[[ Task inputs open ]]
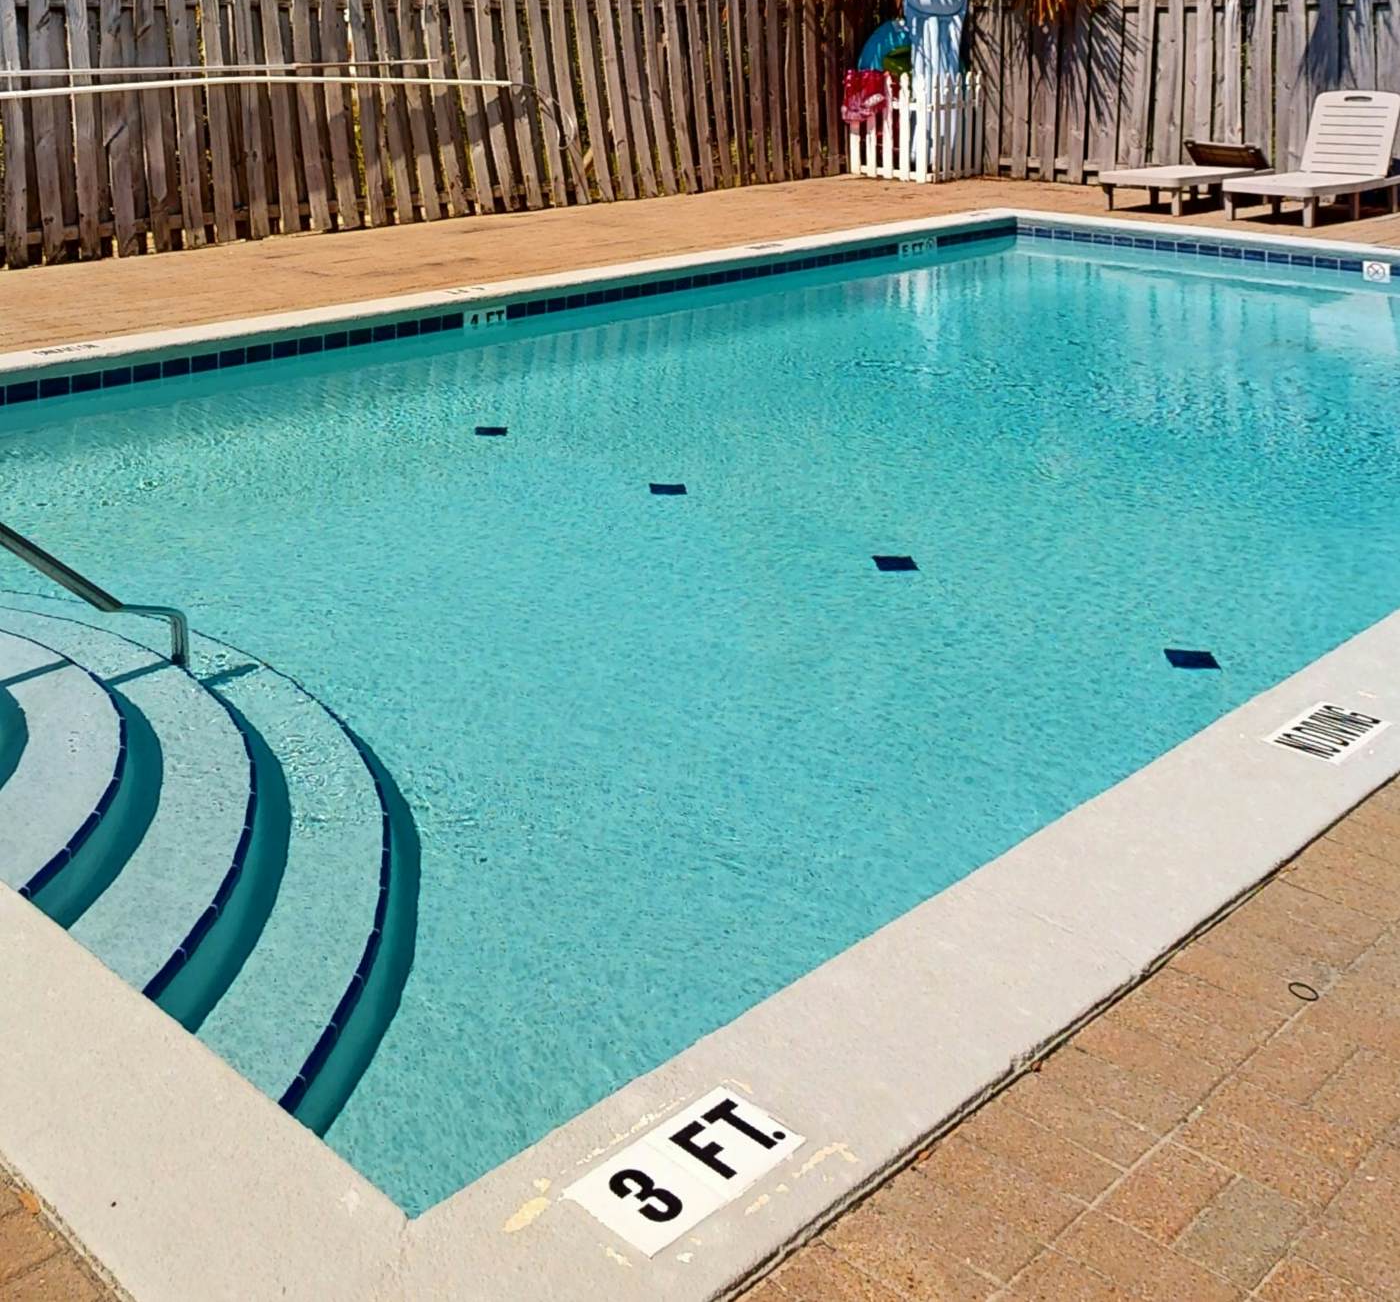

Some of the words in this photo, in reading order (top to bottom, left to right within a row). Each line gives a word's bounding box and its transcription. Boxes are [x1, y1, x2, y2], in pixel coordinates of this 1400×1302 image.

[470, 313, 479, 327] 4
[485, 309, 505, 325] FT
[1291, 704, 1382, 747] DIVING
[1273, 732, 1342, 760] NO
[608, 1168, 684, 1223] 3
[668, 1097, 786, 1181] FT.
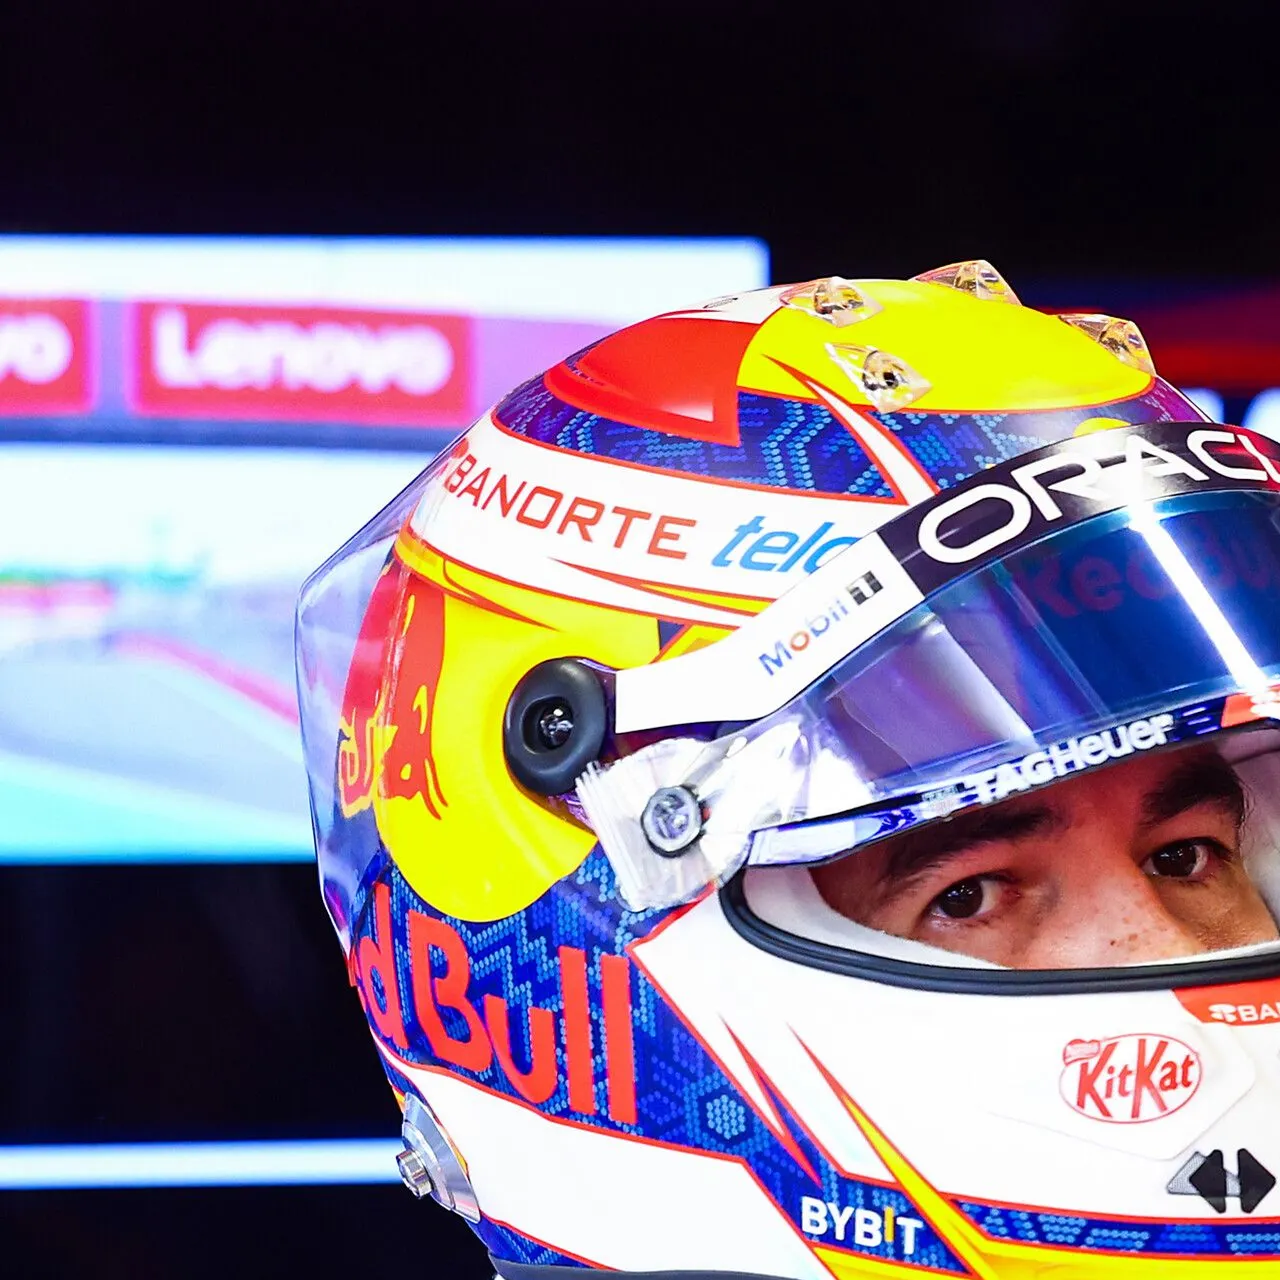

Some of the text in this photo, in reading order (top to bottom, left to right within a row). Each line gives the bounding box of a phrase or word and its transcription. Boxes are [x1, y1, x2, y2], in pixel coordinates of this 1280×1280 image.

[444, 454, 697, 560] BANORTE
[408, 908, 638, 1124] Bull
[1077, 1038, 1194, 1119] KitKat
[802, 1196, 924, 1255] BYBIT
[[ Task inputs closed ]]
Give back every record exactly. Omit the pictures.

Some of the words in this photo, in reading order (top to bottom, left to right within a row). Each line gives a word's bounding box and its transcription. Boxes are [x1, y1, x2, y2], in pixel coordinates of this 1400×1302 image.

[470, 313, 479, 327] 4
[485, 309, 505, 325] FT
[1291, 704, 1382, 747] DIVING
[1273, 732, 1342, 760] NO
[608, 1168, 684, 1223] 3
[668, 1097, 786, 1181] FT.

Some of the text in this photo, in reading order (top to bottom, left to right within a row). Each line gives the bounding box of a phrase or word and its transcription. Boxes are [x1, y1, x2, y2], in pixel coordinates of this 1280×1280 image.

[444, 454, 697, 560] BANORTE
[408, 908, 638, 1124] Bull
[1077, 1038, 1194, 1119] KitKat
[802, 1196, 924, 1255] BYBIT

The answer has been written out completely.